Global Perspectives | Salon | 30. March 2021

Strong Women – Strong Economies

Increasing Women’s Financial Inclusion in Africa

In 1995, the Beijing Platform for Action resulted in a visionary and groundbreaking agenda on how to remove systemic barriers that hold women back from equal participation across all areas of life – including the economy. Progress, however, has been modest at best and more than twenty-five years later, no country is even close to delivering on the commitments made. New challenges continuously emerge and the COVID-19 pandemic is now threatening to reverse decades of collective effort with its disproportionate impact on women. Therefore, as the world is looking for ways out of the crisis and devising strategies to build back better, accelerating women’s financial inclusion and economic equity must be front and center.

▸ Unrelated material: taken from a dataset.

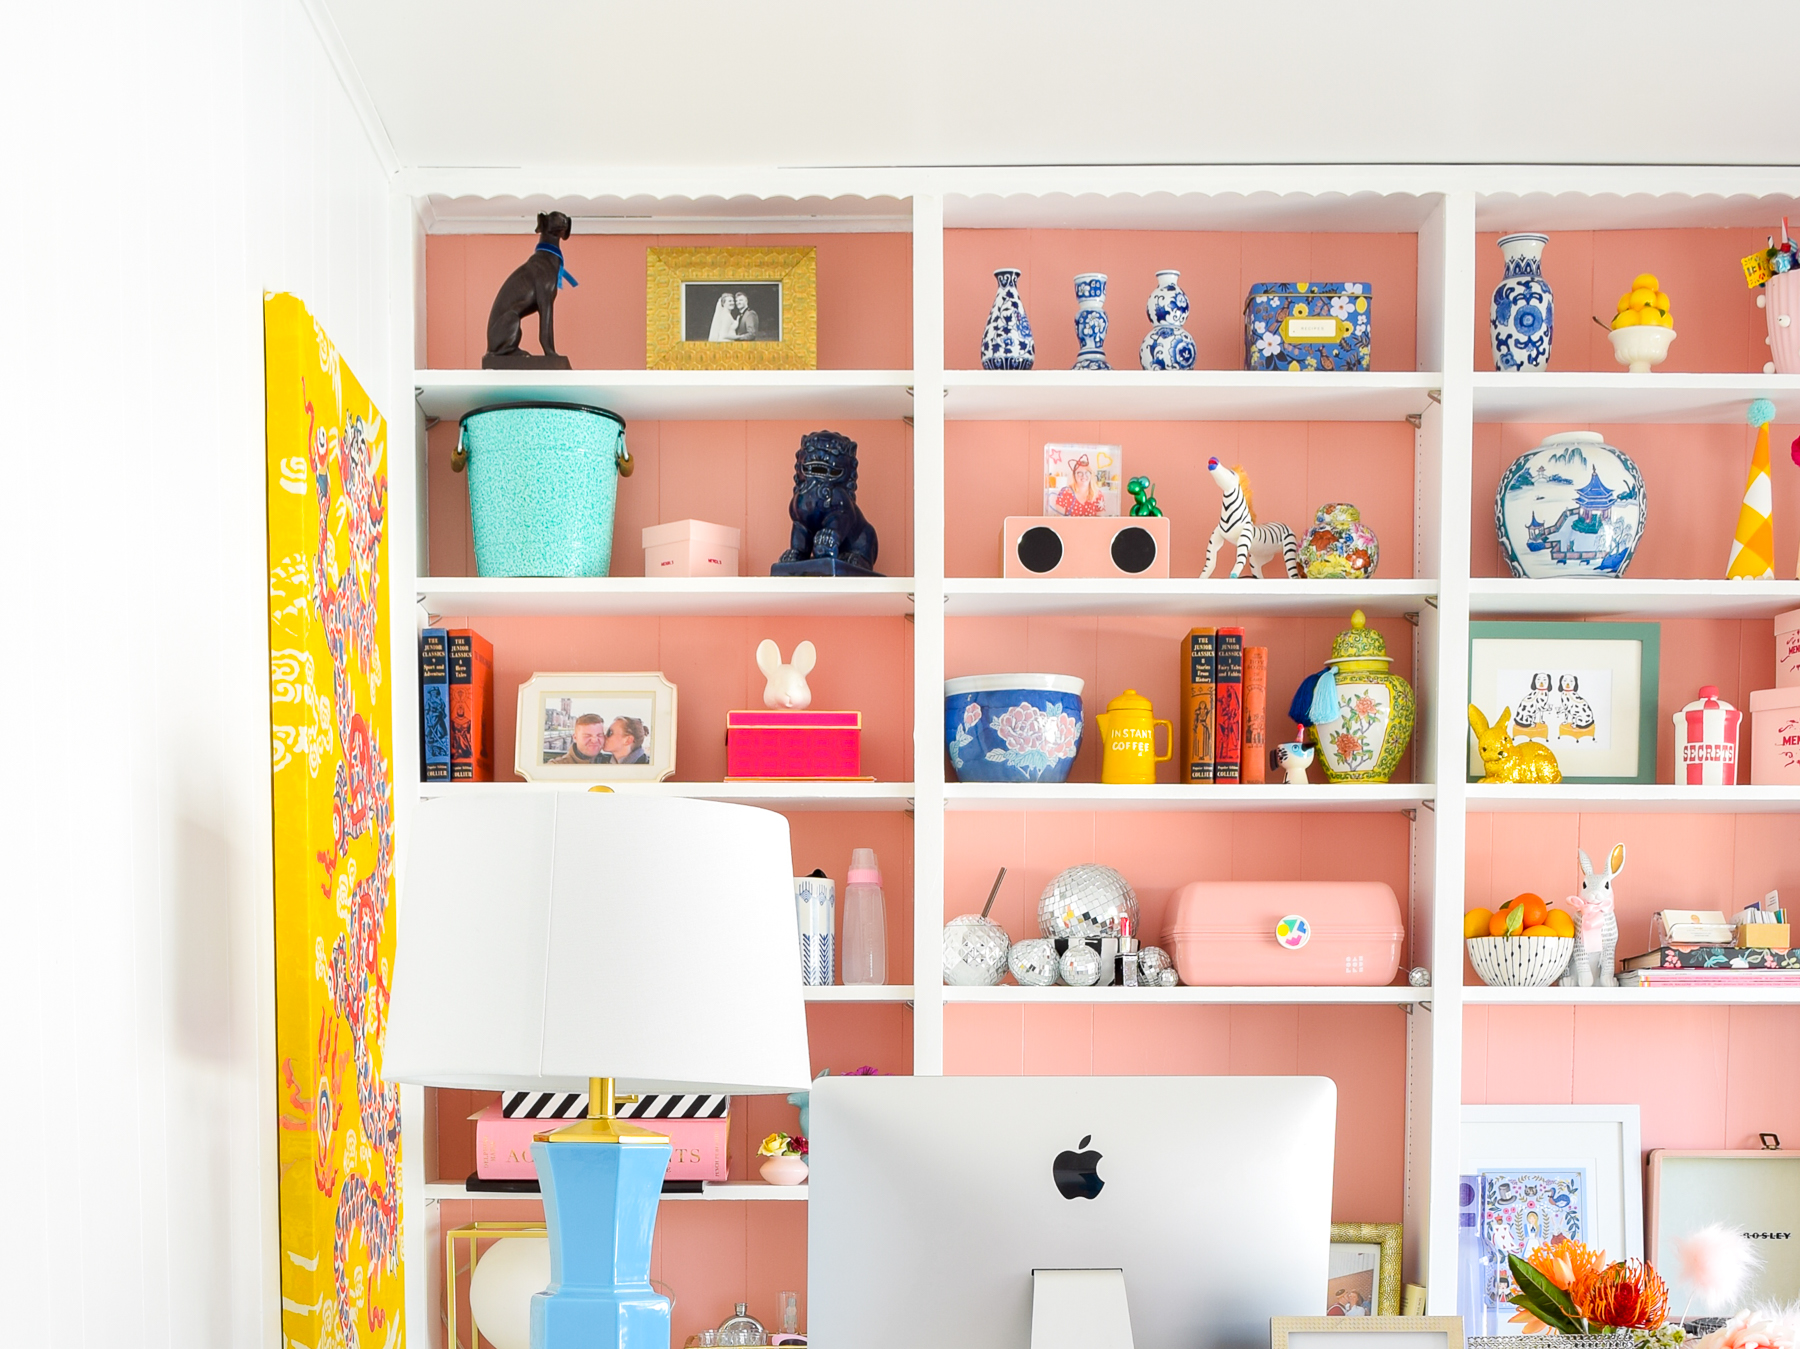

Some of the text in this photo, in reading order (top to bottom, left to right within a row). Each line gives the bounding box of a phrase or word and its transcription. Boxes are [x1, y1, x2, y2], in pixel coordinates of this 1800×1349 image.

Though women operating outside the formal financial system is a worldwide phenomenon, with over 1.3 billion women globally lacking access to financial products and services, the situation is especially severe in Africa where more than 70 percent of women are financially excluded. A McKinsey Global Institute study estimates that better serving women as customers of financial services and fully incorporating women into the economy would add $12 trillion to global GDP by 2025 – a tremendous opportunity for growth and innovation.

So how can we ensure a gender smart, inclusive and sustainable recovery in Europe, Africa and beyond? What are the most significant systemic and structural barriers faced by women that limit their access to financial services and how can we overcome them? What needs to be done to ensure that necessary framework conditions and regulations are in place? And as the old, analog financial system is being replaced by a digital one, what opportunities do new technologies, such as mobile money and crypto currencies, offer for women in low- and middle-income countries?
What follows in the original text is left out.